**ASSIGNED TASK**
For each entry, output its words exactly and leave any picture behind.

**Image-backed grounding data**
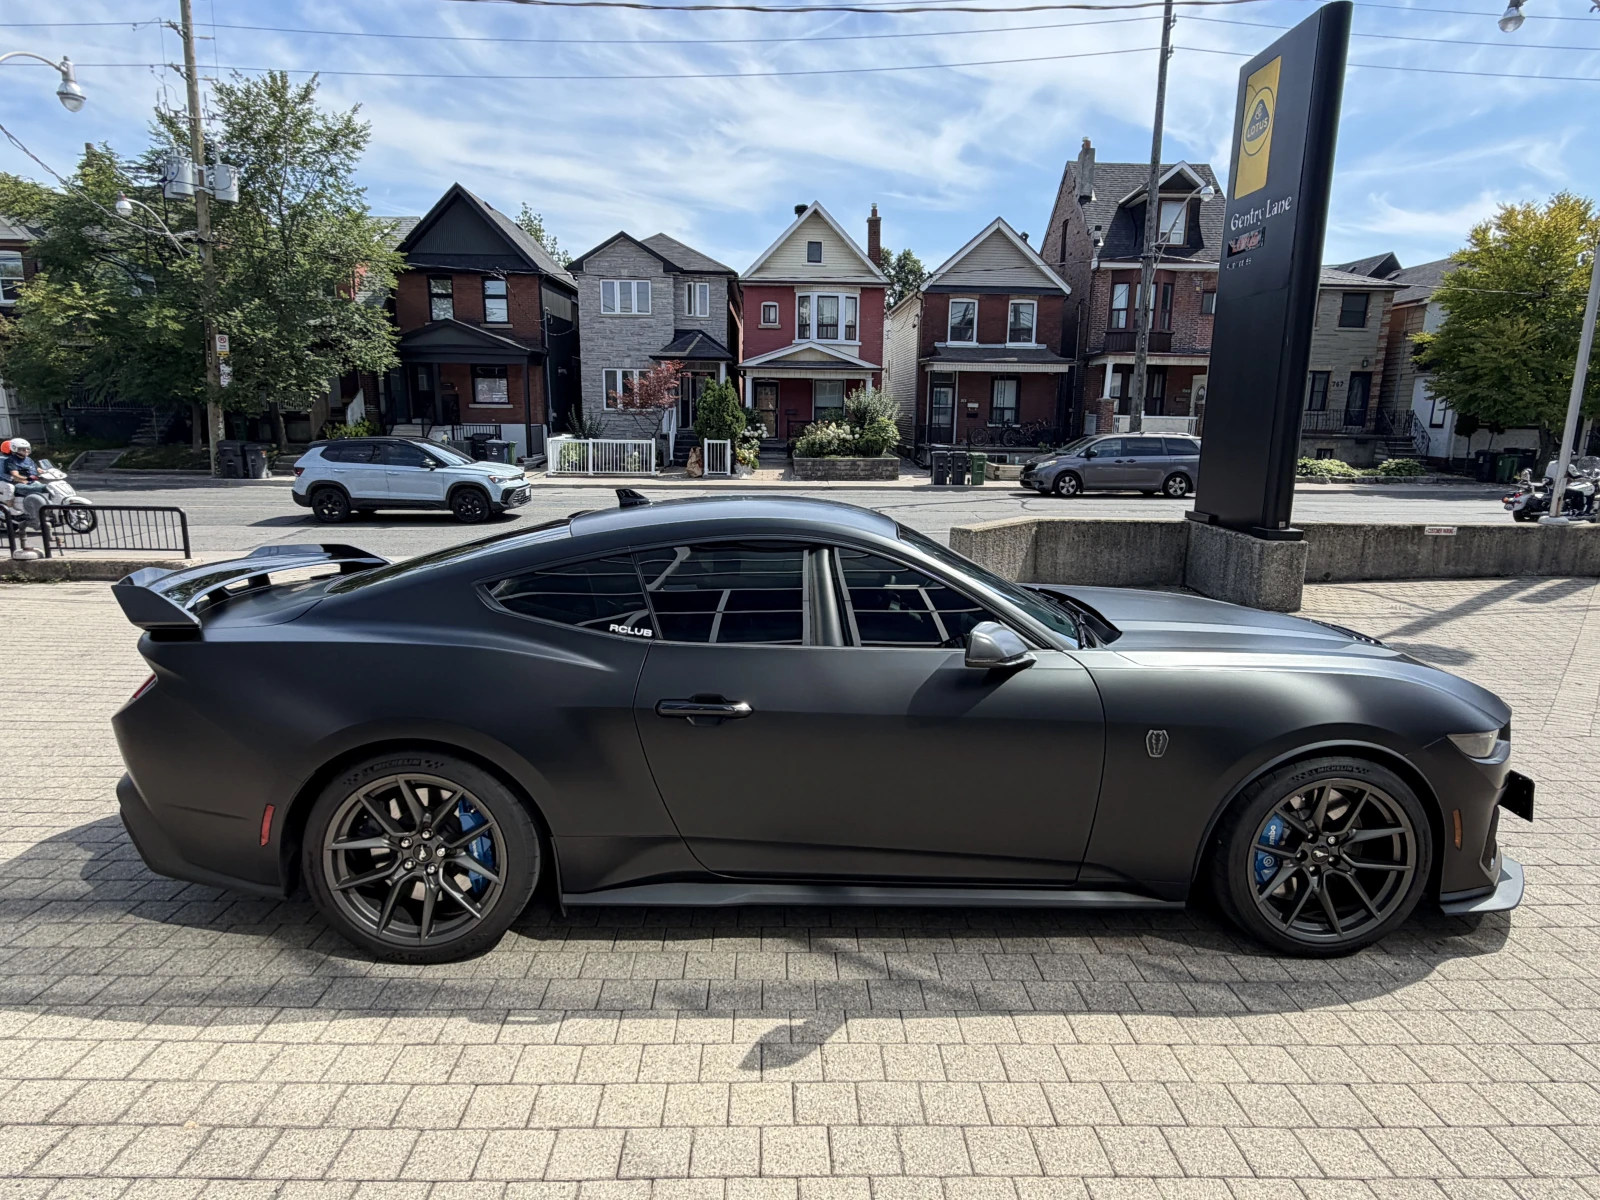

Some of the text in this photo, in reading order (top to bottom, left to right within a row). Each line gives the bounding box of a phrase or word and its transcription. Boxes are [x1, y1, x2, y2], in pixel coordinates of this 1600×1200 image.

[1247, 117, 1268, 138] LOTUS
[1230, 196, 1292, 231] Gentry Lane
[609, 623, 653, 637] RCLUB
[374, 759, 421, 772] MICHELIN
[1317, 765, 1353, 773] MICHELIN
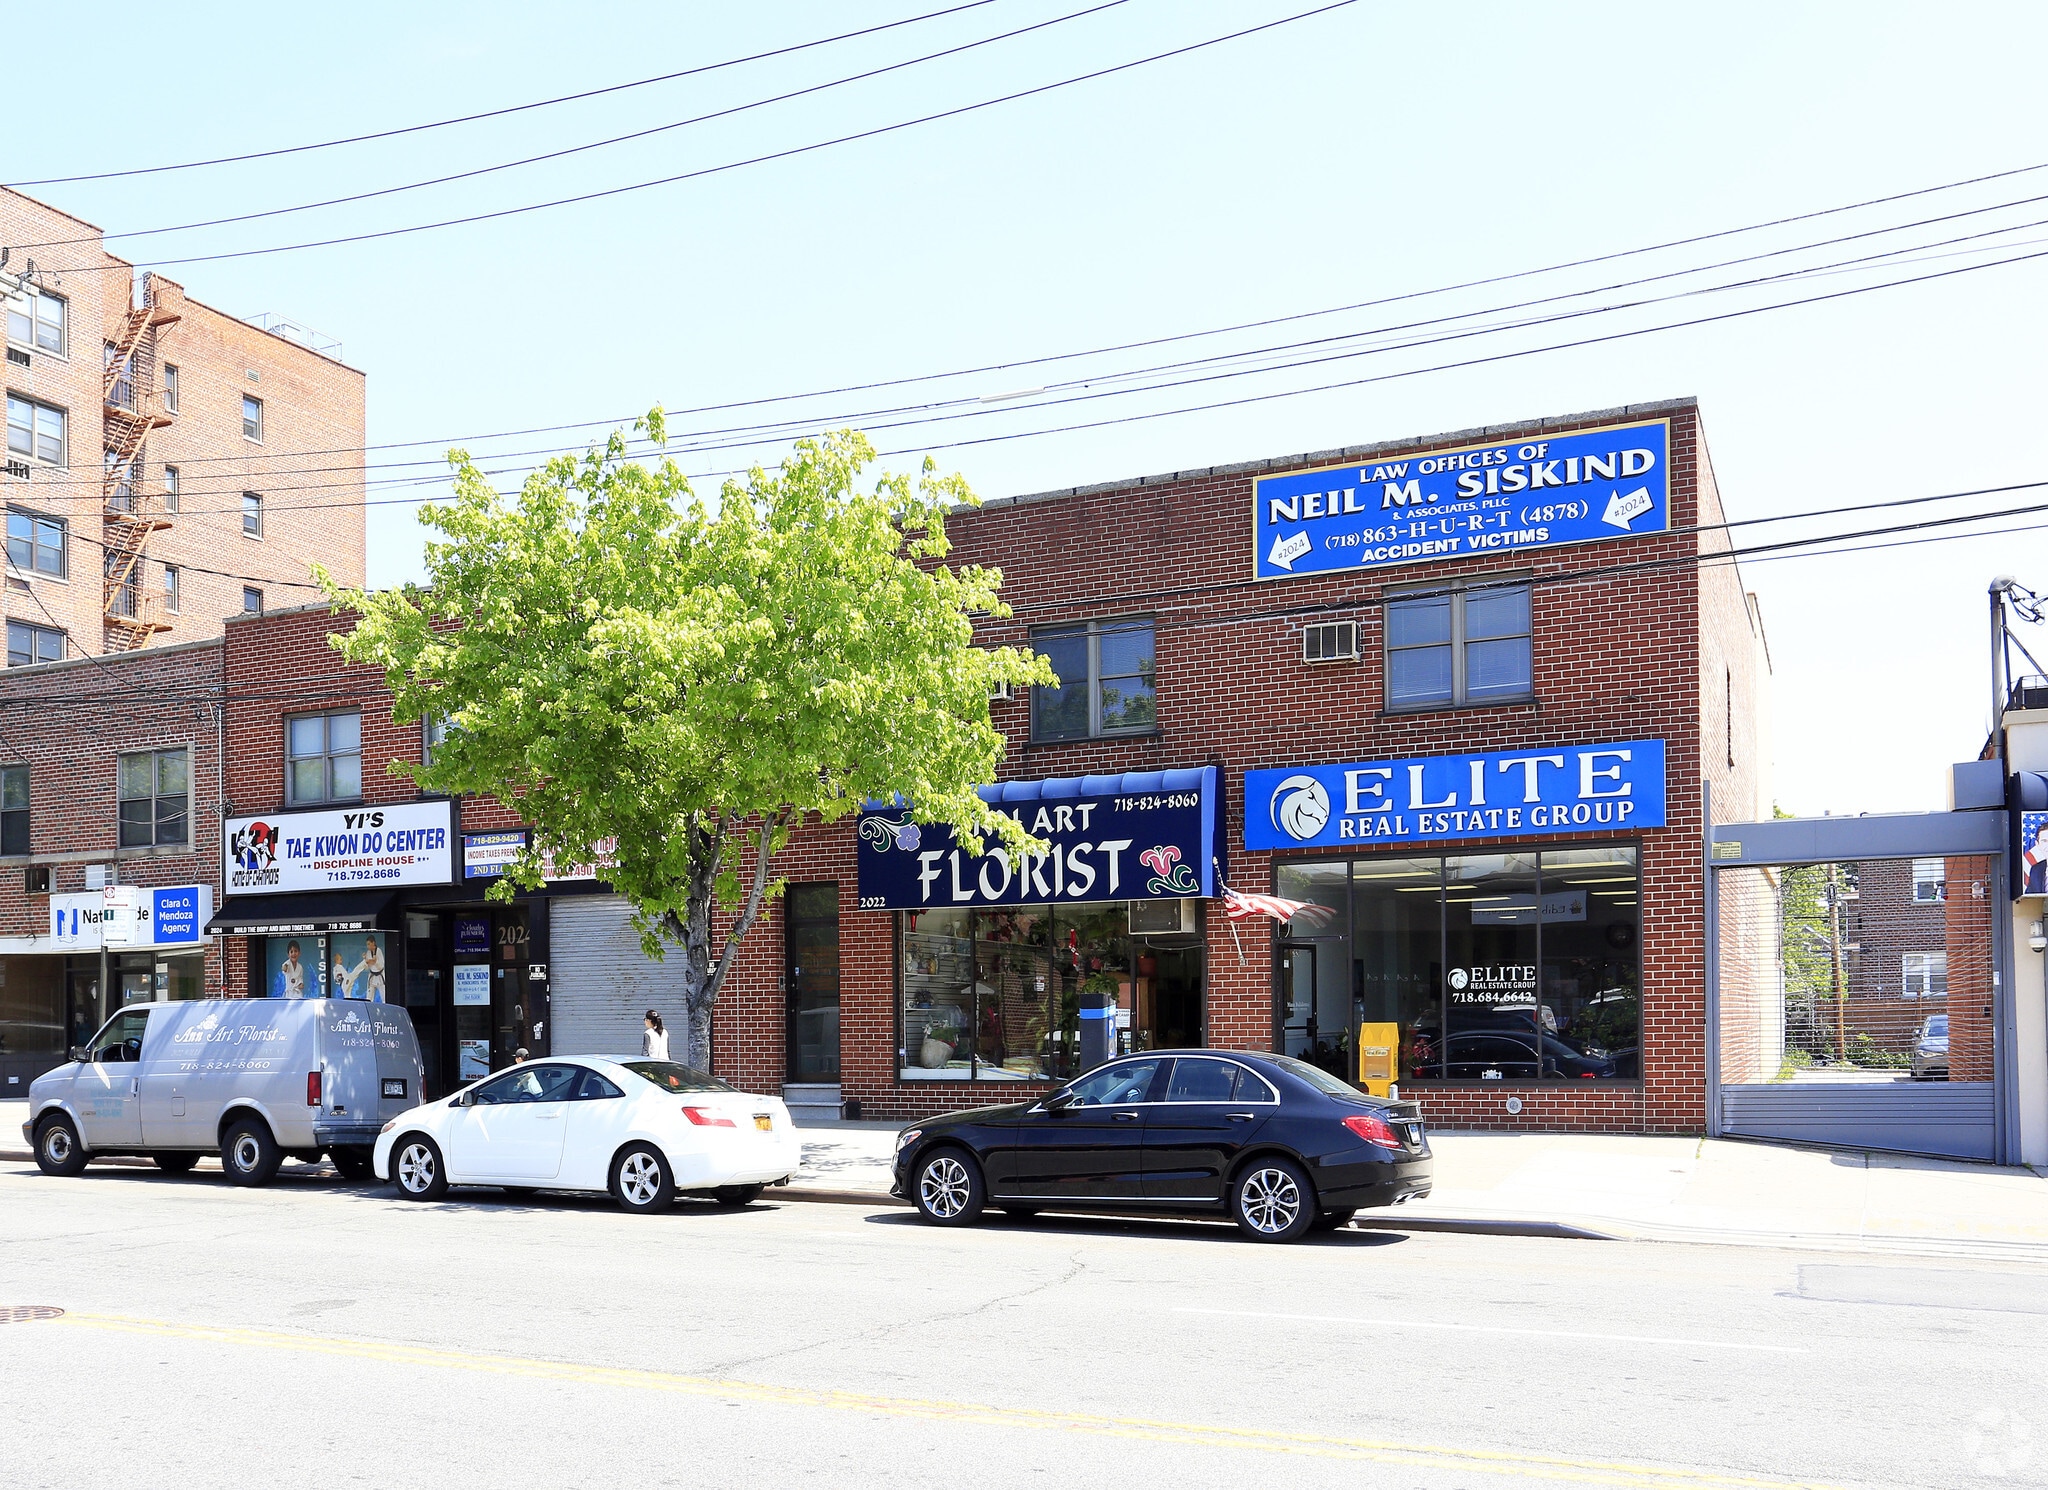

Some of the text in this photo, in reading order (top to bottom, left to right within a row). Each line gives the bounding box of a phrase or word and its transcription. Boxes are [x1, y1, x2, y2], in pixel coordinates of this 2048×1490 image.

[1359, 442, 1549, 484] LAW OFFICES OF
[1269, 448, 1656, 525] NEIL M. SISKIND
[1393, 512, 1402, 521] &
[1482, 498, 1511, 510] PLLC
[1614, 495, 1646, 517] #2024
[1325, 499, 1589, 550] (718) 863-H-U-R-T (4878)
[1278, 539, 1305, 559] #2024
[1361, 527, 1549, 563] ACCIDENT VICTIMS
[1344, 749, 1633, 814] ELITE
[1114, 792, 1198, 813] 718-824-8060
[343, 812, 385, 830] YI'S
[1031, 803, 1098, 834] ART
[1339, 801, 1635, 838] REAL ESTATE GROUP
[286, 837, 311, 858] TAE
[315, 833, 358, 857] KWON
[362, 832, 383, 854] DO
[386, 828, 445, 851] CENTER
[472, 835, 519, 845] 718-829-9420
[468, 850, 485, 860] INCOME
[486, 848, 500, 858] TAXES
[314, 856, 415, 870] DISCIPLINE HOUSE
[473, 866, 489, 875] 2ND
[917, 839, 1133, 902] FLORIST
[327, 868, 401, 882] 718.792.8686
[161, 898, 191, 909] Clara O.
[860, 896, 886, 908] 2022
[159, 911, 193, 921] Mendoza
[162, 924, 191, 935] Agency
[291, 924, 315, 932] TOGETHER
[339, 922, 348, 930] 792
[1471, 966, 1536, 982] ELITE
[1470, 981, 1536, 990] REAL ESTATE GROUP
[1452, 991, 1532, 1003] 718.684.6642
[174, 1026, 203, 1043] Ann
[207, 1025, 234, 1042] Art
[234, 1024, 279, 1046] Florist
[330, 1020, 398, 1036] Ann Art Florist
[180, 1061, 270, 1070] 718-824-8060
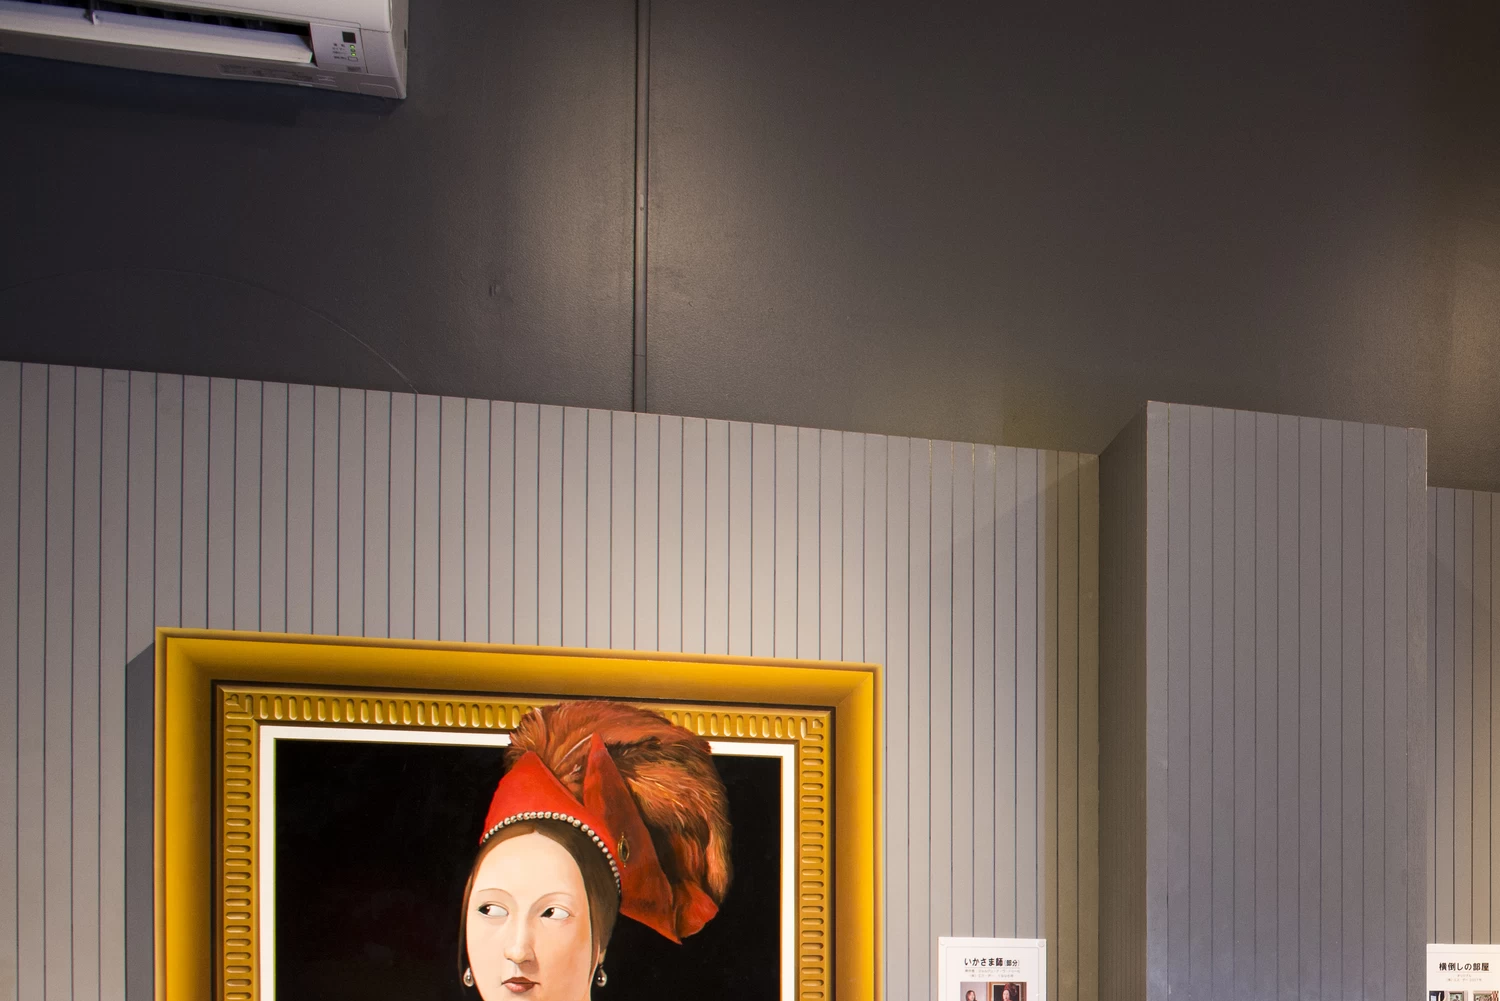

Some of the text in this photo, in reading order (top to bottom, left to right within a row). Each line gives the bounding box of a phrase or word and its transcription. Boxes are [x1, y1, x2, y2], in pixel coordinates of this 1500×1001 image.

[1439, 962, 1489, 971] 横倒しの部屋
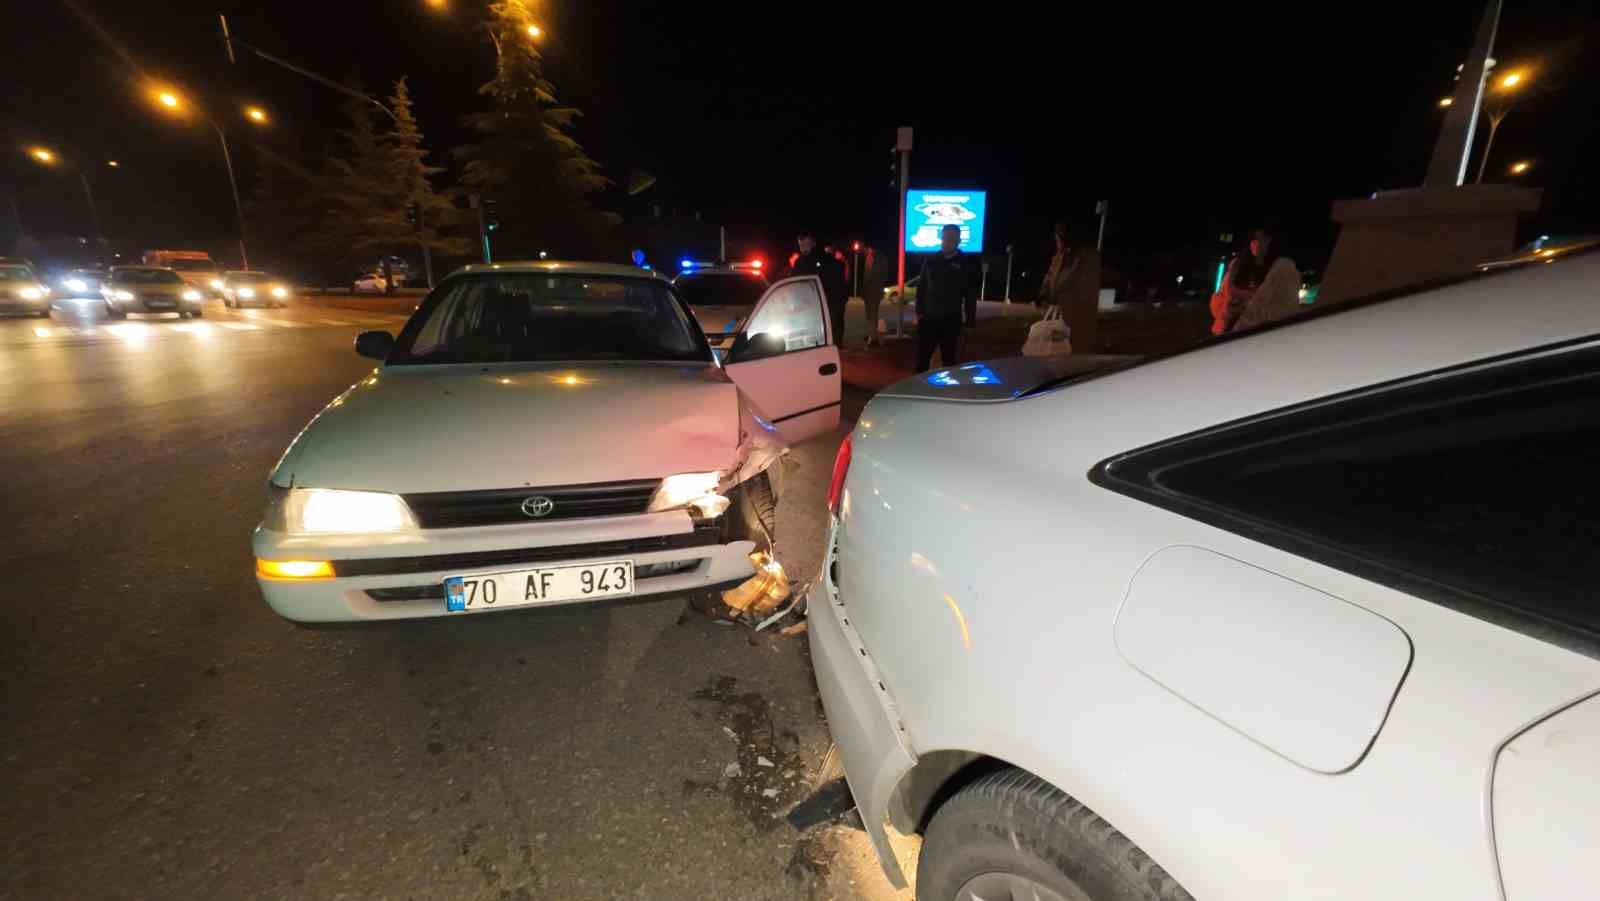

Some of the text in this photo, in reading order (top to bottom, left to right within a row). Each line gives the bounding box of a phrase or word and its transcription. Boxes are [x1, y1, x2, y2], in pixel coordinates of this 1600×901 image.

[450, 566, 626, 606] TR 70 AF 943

**RESULT BELOW**
Some of the text in this photo, in reading order (top to bottom, left to right within a row). Each line gives the bounding box of a phrase or word and its transcription. Boxes are [x1, y1, x2, y2], in pixel coordinates of this 1600×1200 image.

[1247, 117, 1268, 138] LOTUS
[1230, 196, 1292, 231] Gentry Lane
[609, 623, 653, 637] RCLUB
[374, 759, 421, 772] MICHELIN
[1317, 765, 1353, 773] MICHELIN

Some of the text in this photo, in reading order (top to bottom, left to right within a row). Each line gives the bounding box of a phrase or word and its transcription. Boxes are [x1, y1, x2, y2], in pixel coordinates of this 2048×1490 image.

[1359, 442, 1549, 484] LAW OFFICES OF
[1269, 448, 1656, 525] NEIL M. SISKIND
[1393, 512, 1402, 521] &
[1482, 498, 1511, 510] PLLC
[1614, 495, 1646, 517] #2024
[1325, 499, 1589, 550] (718) 863-H-U-R-T (4878)
[1278, 539, 1305, 559] #2024
[1361, 527, 1549, 563] ACCIDENT VICTIMS
[1344, 749, 1633, 814] ELITE
[1114, 792, 1198, 813] 718-824-8060
[343, 812, 385, 830] YI'S
[1031, 803, 1098, 834] ART
[1339, 801, 1635, 838] REAL ESTATE GROUP
[286, 837, 311, 858] TAE
[315, 833, 358, 857] KWON
[362, 832, 383, 854] DO
[386, 828, 445, 851] CENTER
[472, 835, 519, 845] 718-829-9420
[468, 850, 485, 860] INCOME
[486, 848, 500, 858] TAXES
[314, 856, 415, 870] DISCIPLINE HOUSE
[473, 866, 489, 875] 2ND
[917, 839, 1133, 902] FLORIST
[327, 868, 401, 882] 718.792.8686
[161, 898, 191, 909] Clara O.
[860, 896, 886, 908] 2022
[159, 911, 193, 921] Mendoza
[162, 924, 191, 935] Agency
[291, 924, 315, 932] TOGETHER
[339, 922, 348, 930] 792
[1471, 966, 1536, 982] ELITE
[1470, 981, 1536, 990] REAL ESTATE GROUP
[1452, 991, 1532, 1003] 718.684.6642
[174, 1026, 203, 1043] Ann
[207, 1025, 234, 1042] Art
[234, 1024, 279, 1046] Florist
[330, 1020, 398, 1036] Ann Art Florist
[180, 1061, 270, 1070] 718-824-8060

Some of the text in this photo, in reading order (top to bottom, left to right within a row). Each line gives the bounding box of a phrase or word and its transcription. Boxes are [x1, y1, x2, y2], in pixel coordinates of this 1500×1001 image.

[1439, 962, 1489, 971] 横倒しの部屋

Some of the text in this photo, in reading order (top to bottom, left to right within a row). Each line gives the bounding box of a phrase or word and its transcription. Boxes are [x1, y1, x2, y2], in pixel coordinates of this 1600×901 image.

[450, 566, 626, 606] TR 70 AF 943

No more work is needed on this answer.